He introducido unos pequeños cambios: en vez de hacer la base con galleta la hice con bizcocho, tampoco he puesto el zumo de un limón sino de medio y mi decoración, como podéis ver es más bien escasa, lo cual tiene su explicación. Las fresas que había reservado en la nevera desaparecieron, quedando las más feas, mi nevera no es que tenga un agujero negro, es que alguien se las había ido zampando, y no fui yo, jejeje, por lo que me tuve que conformar con el único espécimen un poco potable que había quedado......

INGREDIENTES:
BASE:
-3 huevos
-100 gr. azúcar
-50 gr. harina
MOUSSE:
-260 gr. queso Philadelphia
-140 gr. azúcar
-240 gr. nata liquida
-450 gr. fresas (maduras y sin el tallo)
-Zumo de 1/2 limón
-1 cucharadita de esencia de vainilla
-4 cucharadas de agua hirviendo
-1'5 cucharadaditas de gelatina neutra
-15 fresas enteras para decorar (en mi caso 1 y de milagro, jejeje)
PREPARACIÓN:
BASE:
-Montar las claras y reservar.
-Batir las yemas con el azúcar, añadir las claras y mezclar con movimientos envolventes.

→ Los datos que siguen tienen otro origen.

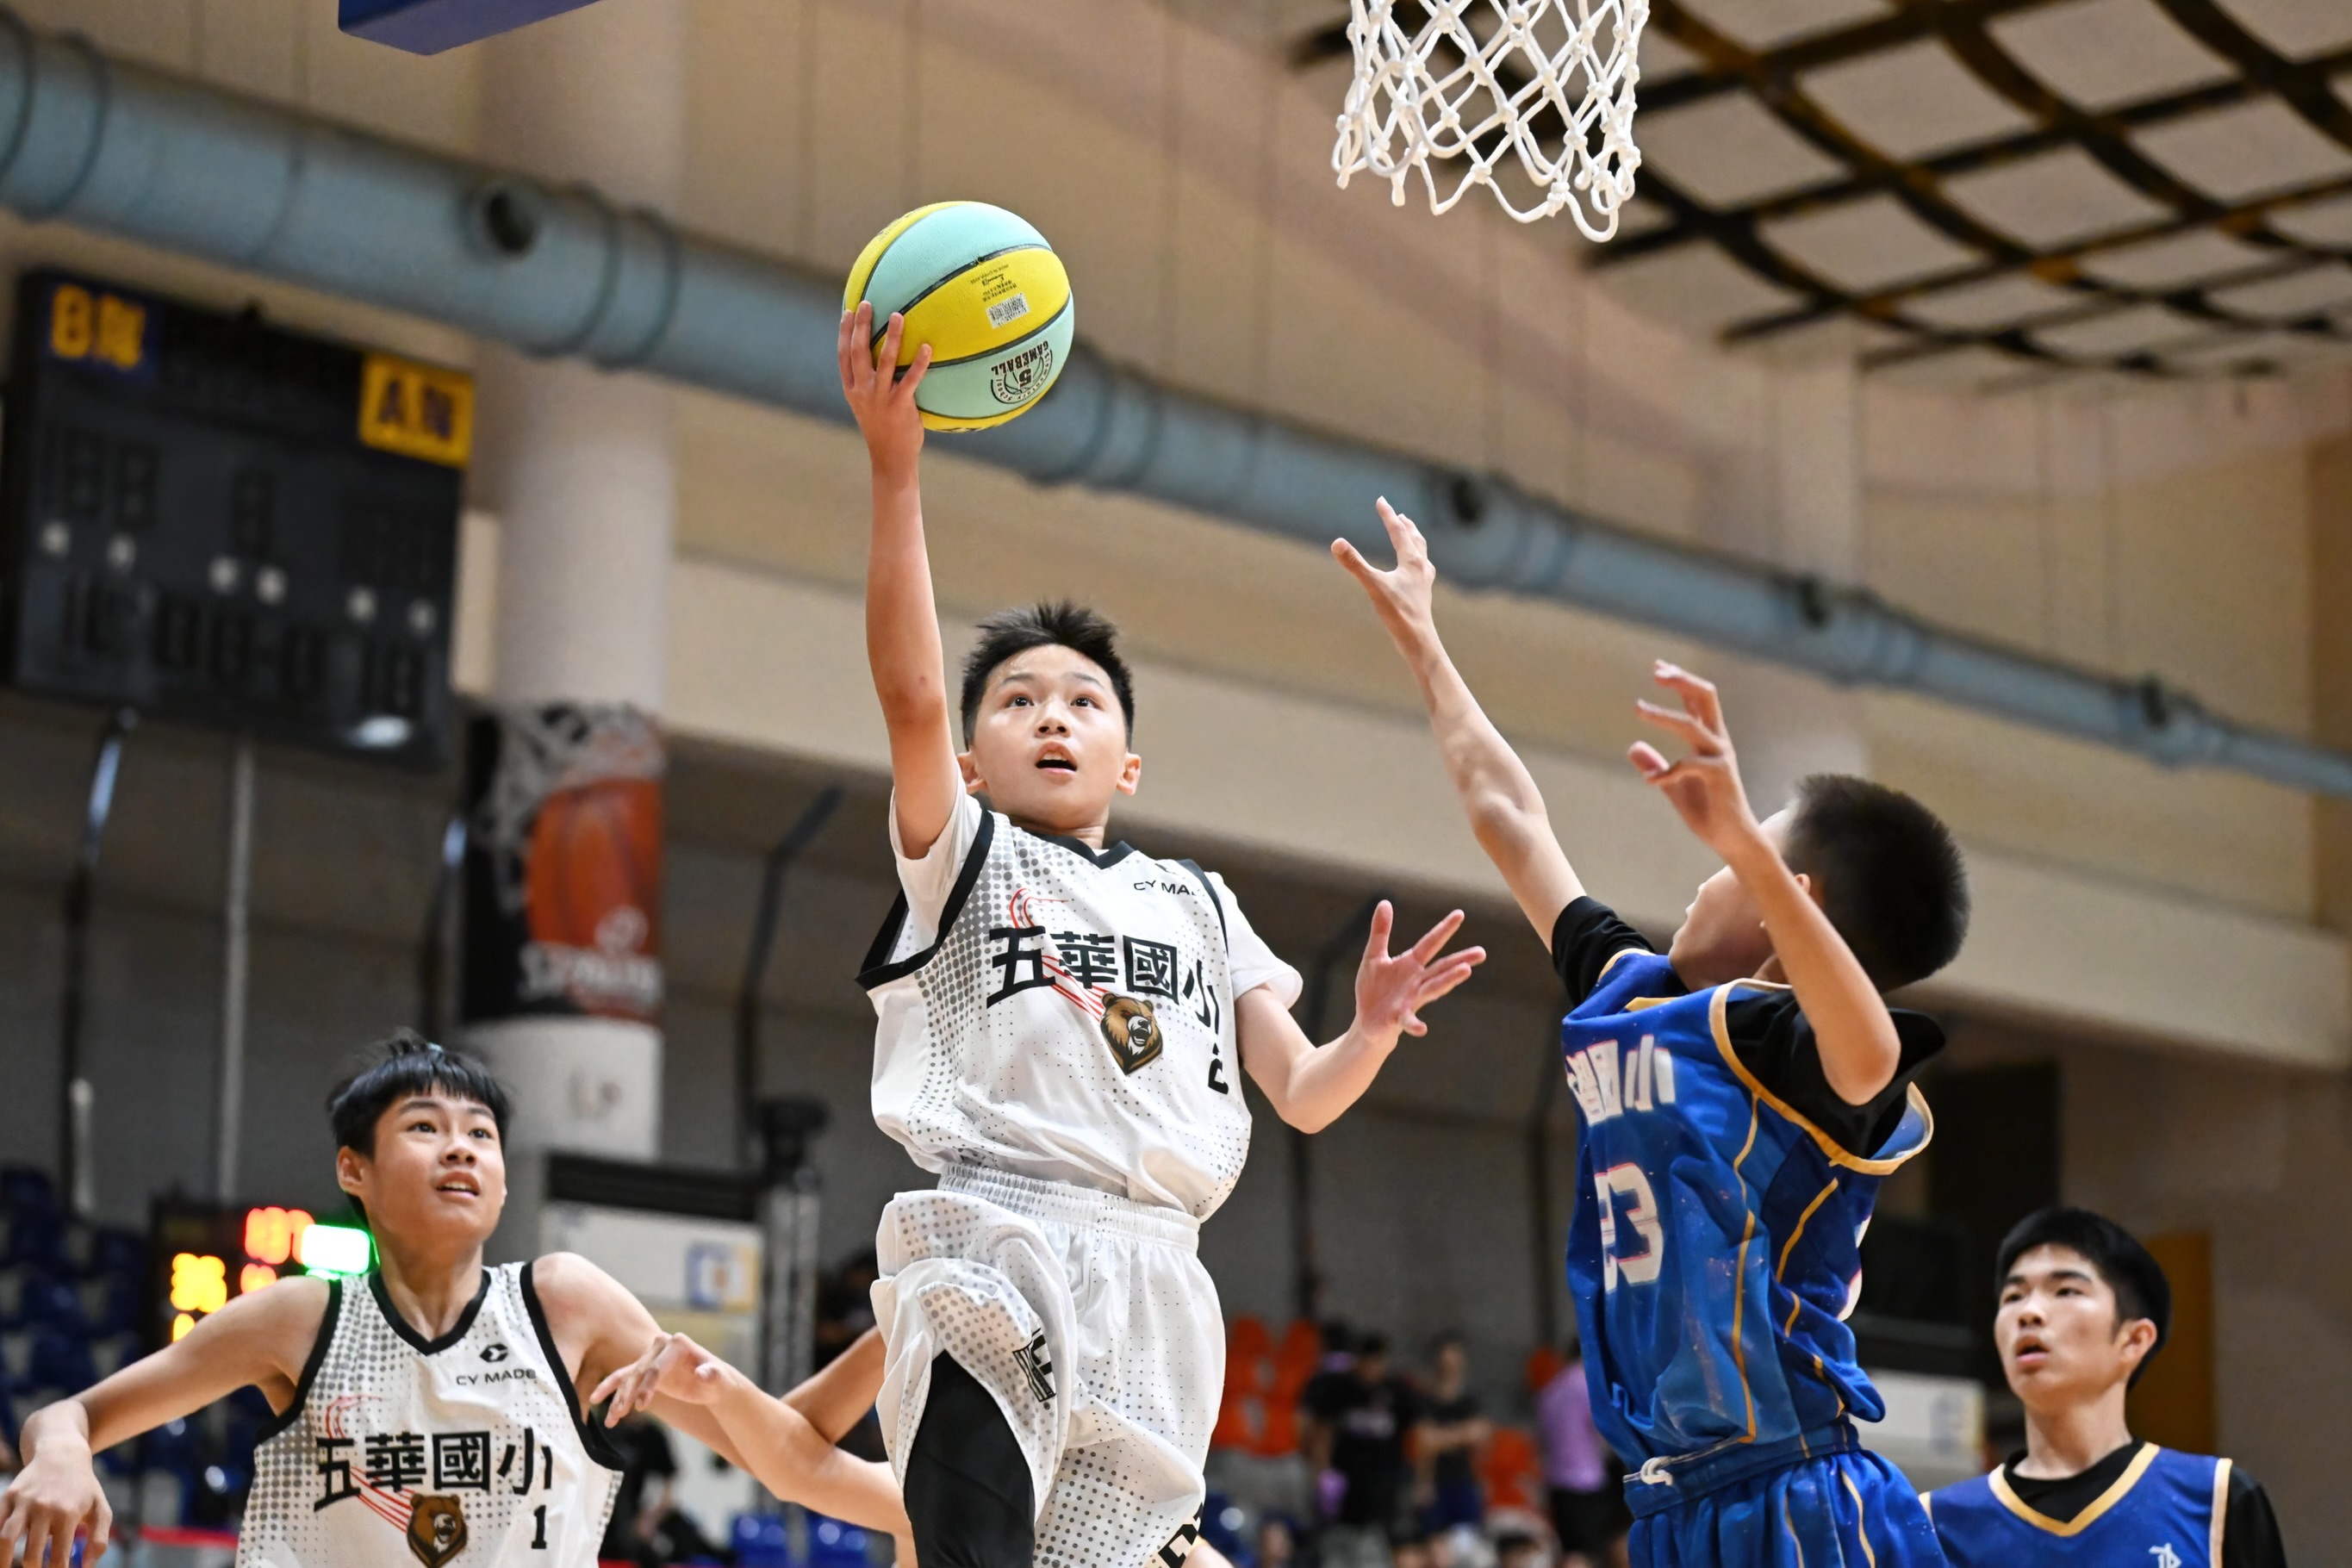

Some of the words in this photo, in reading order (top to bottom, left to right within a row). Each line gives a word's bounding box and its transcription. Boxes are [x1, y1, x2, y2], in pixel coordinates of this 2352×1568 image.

-Añadir el harina tamizado y seguir mezclando.
-Poner en un molde alto y desmontable untado con mantequilla y hornear a 180º unos 10 minutos.
-Reservar.
MOUSSE:
-Batir el queso y el azúcar hasta que la mezcla este cremosa y homogenea. Reservar.
-Montar la nata hasta que forme picos blandos. Reservar.

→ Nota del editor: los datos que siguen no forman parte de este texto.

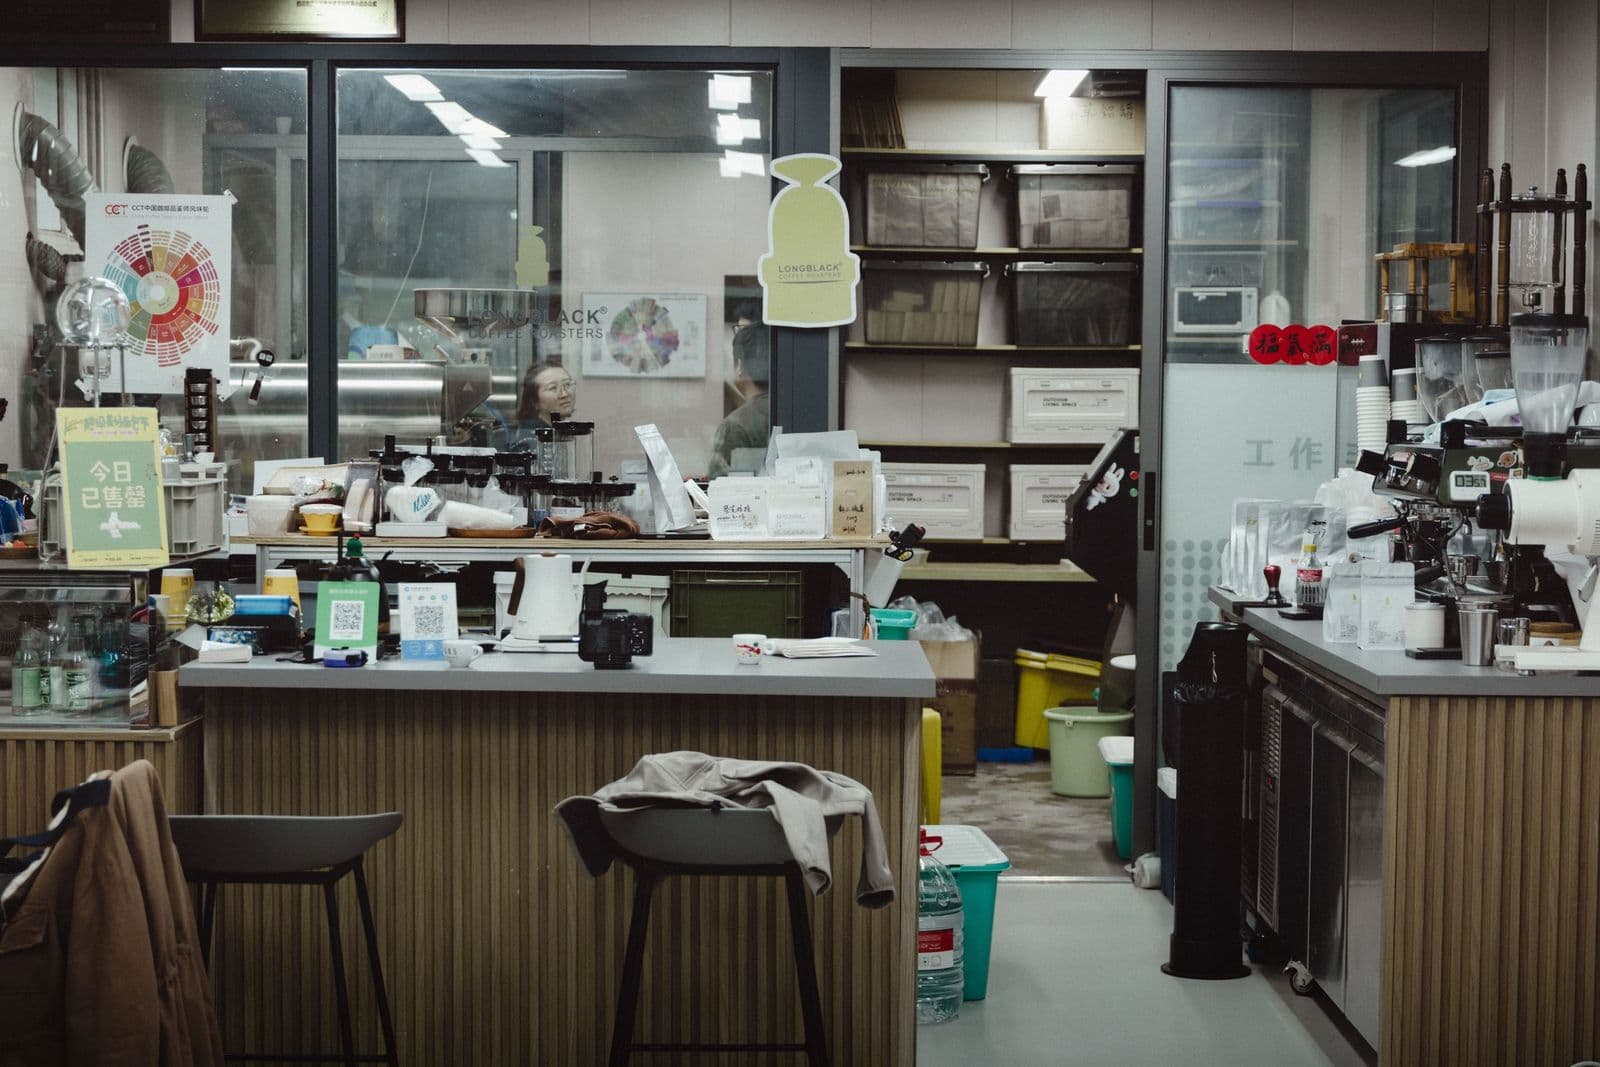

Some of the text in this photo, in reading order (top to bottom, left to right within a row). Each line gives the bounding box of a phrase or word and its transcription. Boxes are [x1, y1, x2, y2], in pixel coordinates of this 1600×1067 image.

[105, 204, 128, 215] CCT
[778, 264, 840, 273] LONGBLACK
[89, 461, 131, 483] 今日
[81, 485, 146, 509] 已售罄

-Triturar las fresas hasta reducirlas a puré, colarlo para retirar las semillas.
-Mezclar el zumo del medio limón y la vainilla e ir añadiéndolo poco a poco a la mezcla de queso.
-Poner el agua a hervir en un cuenco pequeño, ponerle la gelatina y disolverla, dejarlo reposar hasta un ratito.

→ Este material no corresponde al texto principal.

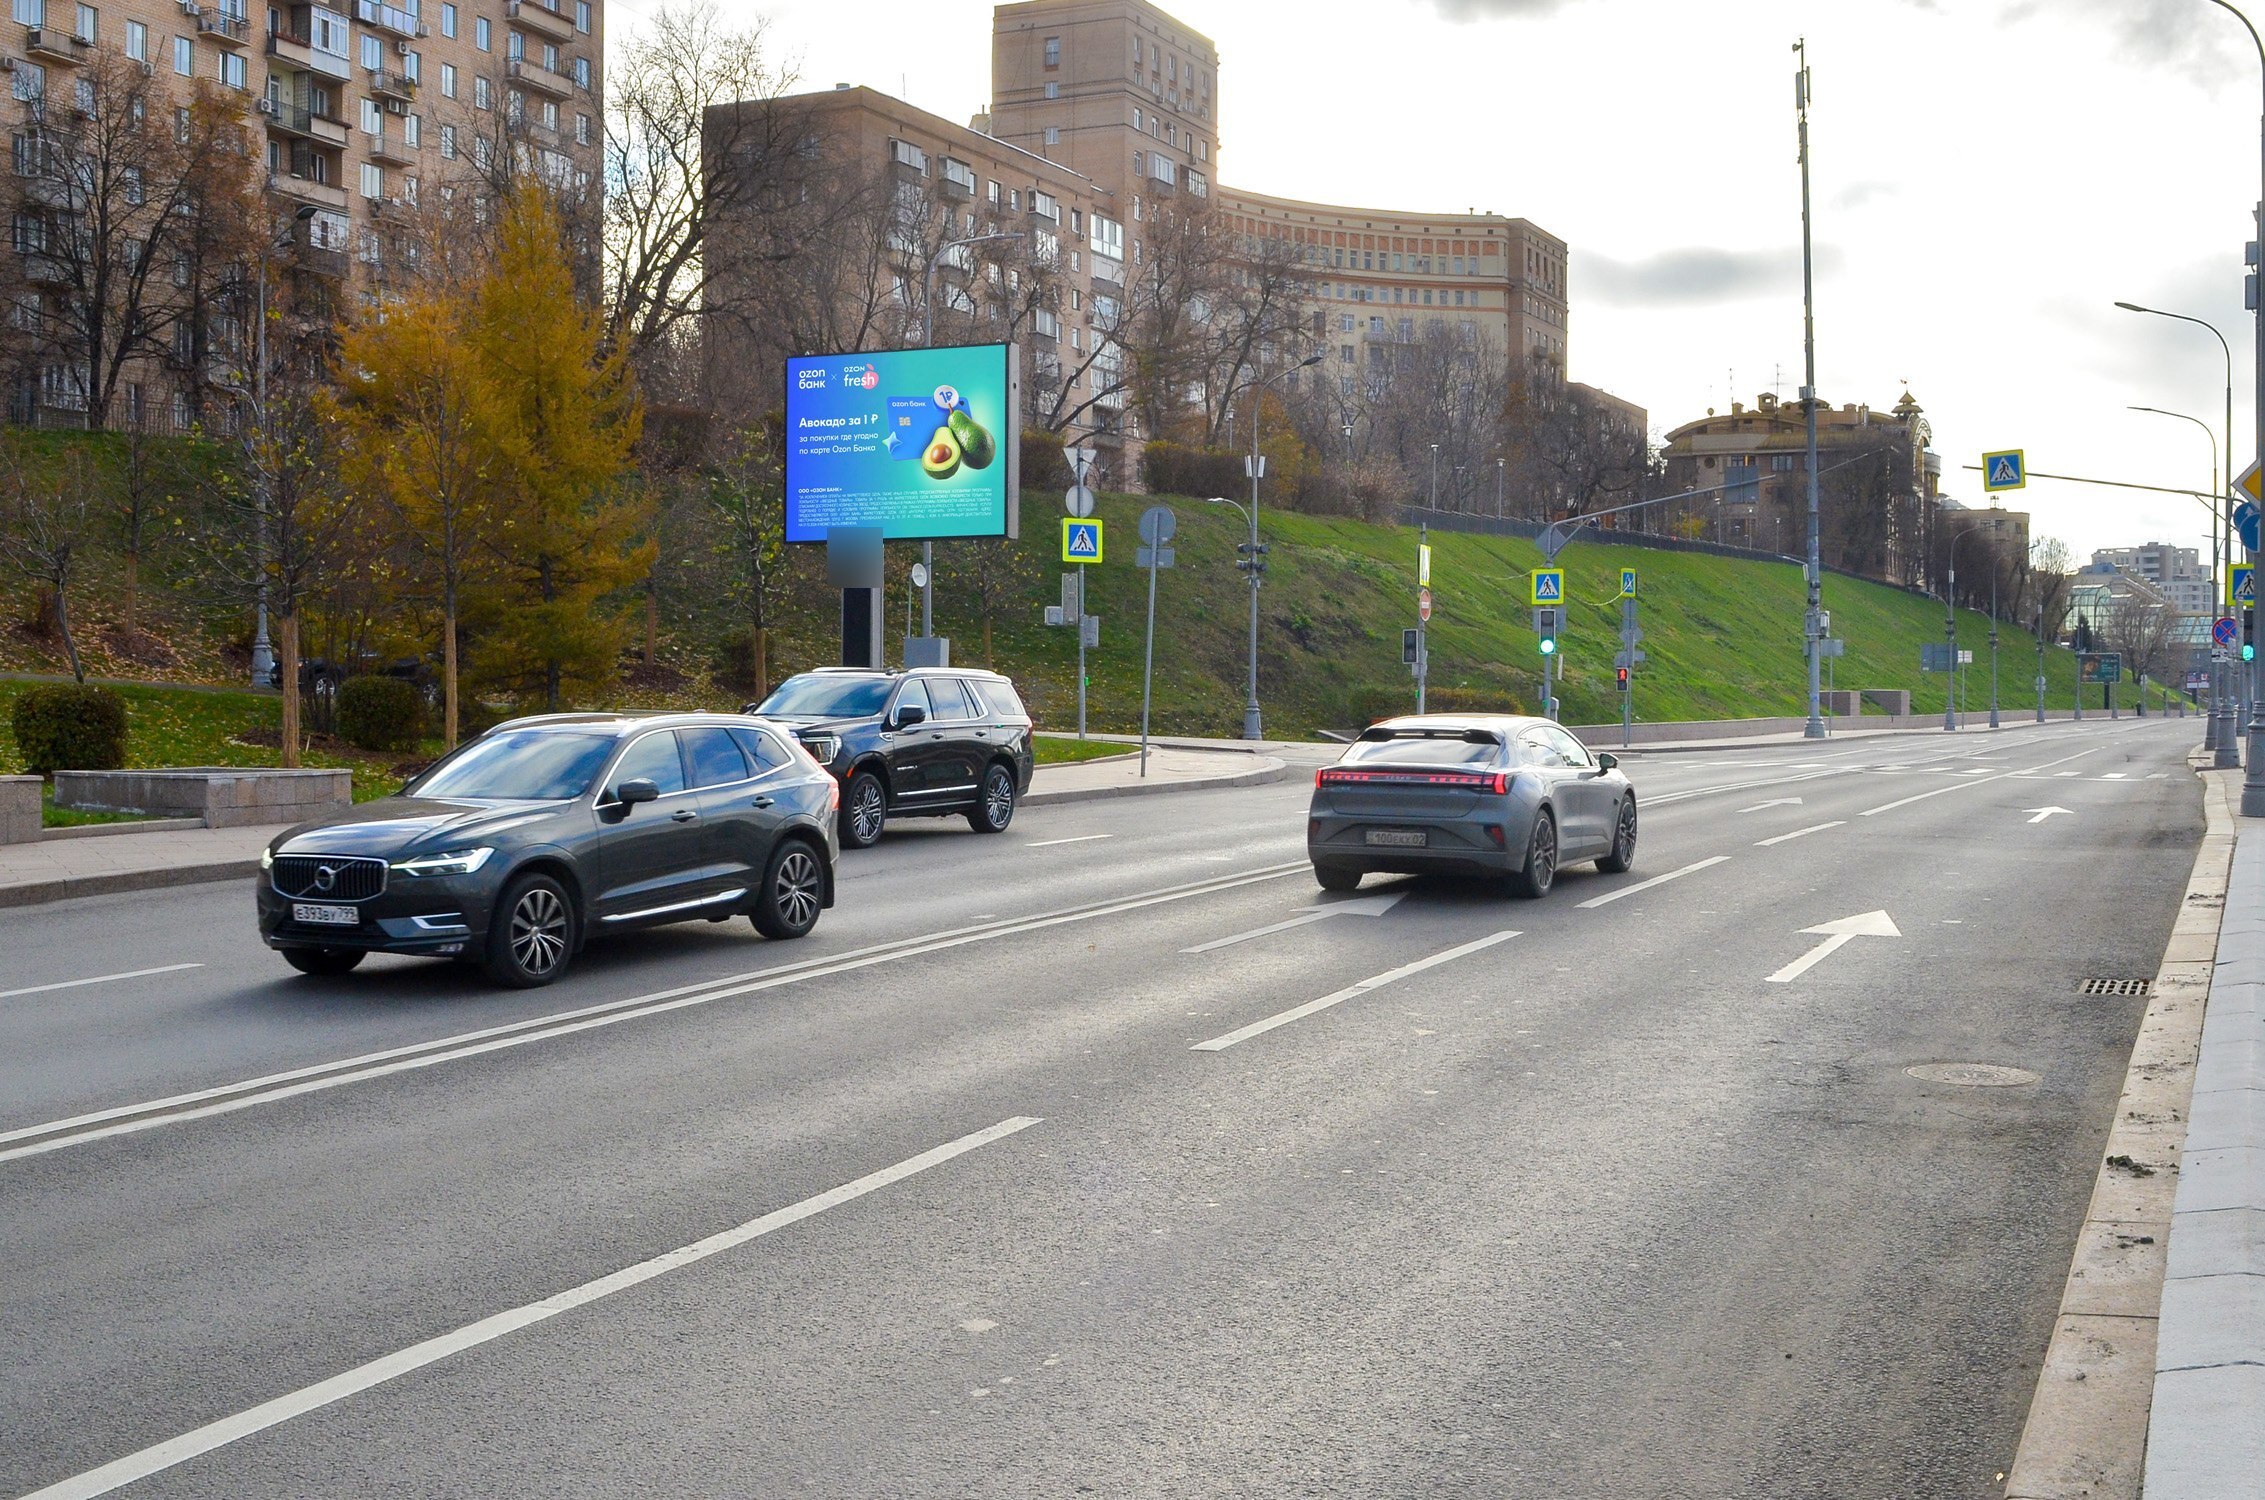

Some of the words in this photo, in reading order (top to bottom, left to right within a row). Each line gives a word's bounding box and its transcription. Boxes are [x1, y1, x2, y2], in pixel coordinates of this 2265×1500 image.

[799, 369, 826, 378] ozon
[798, 379, 826, 389] банк
[844, 373, 875, 387] fresh
[799, 418, 845, 428] Авокадо
[810, 434, 839, 442] покупки
[854, 433, 878, 442] угодно

-Removerla bien y incorporarla a la mezcla de queso.
-Incorporar aproximadamente la mitad de esta mezcla a la nata montada y mezclar con cuidado, añadir el resto y terminar de mezclar.
-Verter encima de la base y poner en la nevera un mínimo de 3 horas, hasta que cuaje.
-Desmoldar y decorar con las fresas enteras.